Researchers have typically adopted one of four different methods in order to
isolate AoA effects. These different methods have been used because of
differing beliefs about which one is best able to uncover causal relationships.
These four methods are each briefly described below before considering
which, if any, is best for determining the presence of psycholinguistic effects.
EXPERIMENTAL METHODS EMPLOYED TO
INVESTIGATE AOA EFFECTS
Semifactorial designs
In these studies, two experiments are conducted each with two lists of words.
In one experiment the lists will differ in their average AoA values while all
other considered parameters (usually including frequency) are matched. In
the other experiment the lists will differ in their average frequency values
while all other considered parameters (using including AoA) are matched.
Such experiments */it is supposed */can demonstrate the presence of
independent AoA effects and frequency effects. An accepted limitation of
this method is that it cannot reveal any potential interactions. An example of
this method is the set of experiments conducted by Turner, Valentine, and
Ellis (1998) into the effects of AoA and frequency in auditory and visual
lexical-decision tasks.
Factorial designs
These studies also employ four lists of words but this time they are employed
within the same experiment. The lists are arranged such that two lists have
high frequency and two have low frequency, and also two lists are early
acquired and two lists are late acquired. It is also common to match the lists
on any other parameters that may affect reaction times. This methodology is
preferred by many researchers because it follows the principles of a
traditional experimental design with full manipulation of the independent
variables. The difficulty with this type of design is in generating the lists so
that they are well matched. This method allows for consideration of
interactions but ignores much of the wealth of information contained in
word-norm data by converting continuous scales into dichotomous scales
(semifactorial designs also suffer from this problem). Examples of this type
CHASING PSYCHOLINGUISTIC EFFECT
1015
of experiment are those conducted by Gerhand and Barry (1998) into the
effects of AoA and frequency in word-reading tasks.

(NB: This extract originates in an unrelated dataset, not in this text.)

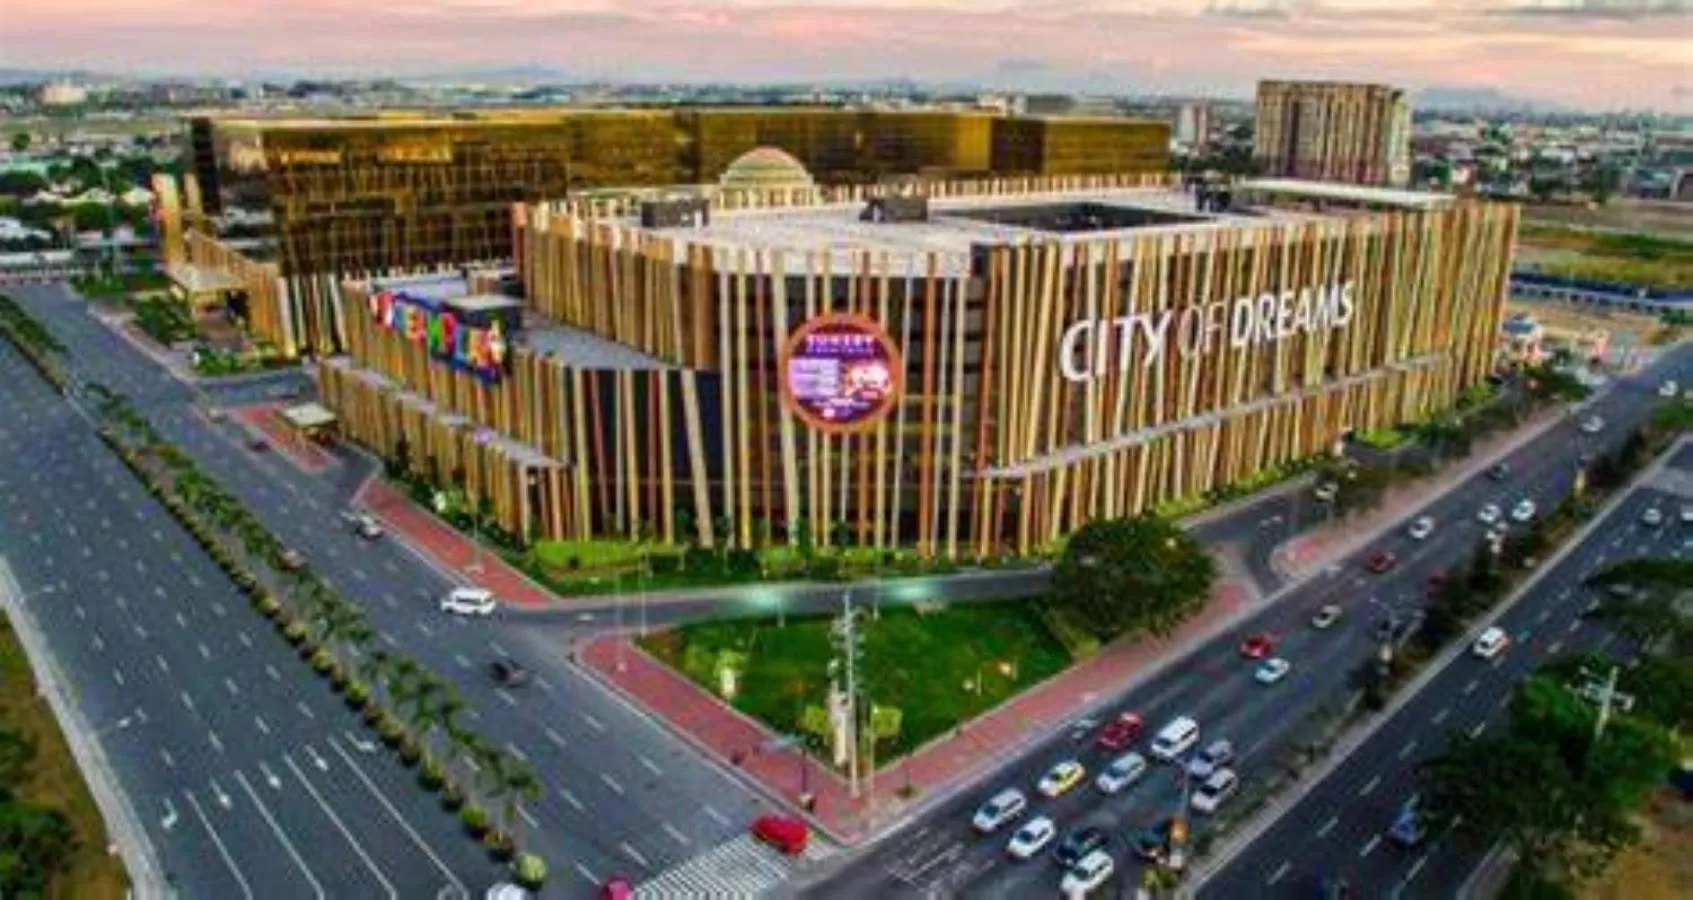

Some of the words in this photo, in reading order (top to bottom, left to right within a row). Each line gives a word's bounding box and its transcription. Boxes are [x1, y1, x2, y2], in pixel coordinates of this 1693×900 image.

Multiple regression designs (simultaneous not stepwise)
These studies typically involve a single list of words chosen to be
representative of the set of words in question. No selection process based
on matching word properties is required and so the list is easy to obtain. The
analysis is performed by considering how much of the variability in the
dependent variable can be accounted for by a particular independent
variable (e.g., AoA) once all other independent variables (usually including
frequency) have been partialled out (i.e., their contribution to the accounting
for the variability of the dependent variable has been removed). One problem
with this type of analysis is that the correlation between AoA and frequency
remains within the stimuli. This colinearity can swamp the independent
effects of AoA and frequency leading to nonsignificant results (hence, it can
be conservative in revealing effects). The advantages of this method are that:
It uses the real values of the word-norm estimates (not just a dichotomous
split); it allows any number of additional predictors to be included without
requiring matching; and if there really is an independent effect of AoA then
it should overcome the colinearity problem. This method has been used to
investigate the effects of AoA and other factors in object naming in young
(e.g., Barry et al., 1997) and older people (e.g., Hodgson & Ellis, 1998).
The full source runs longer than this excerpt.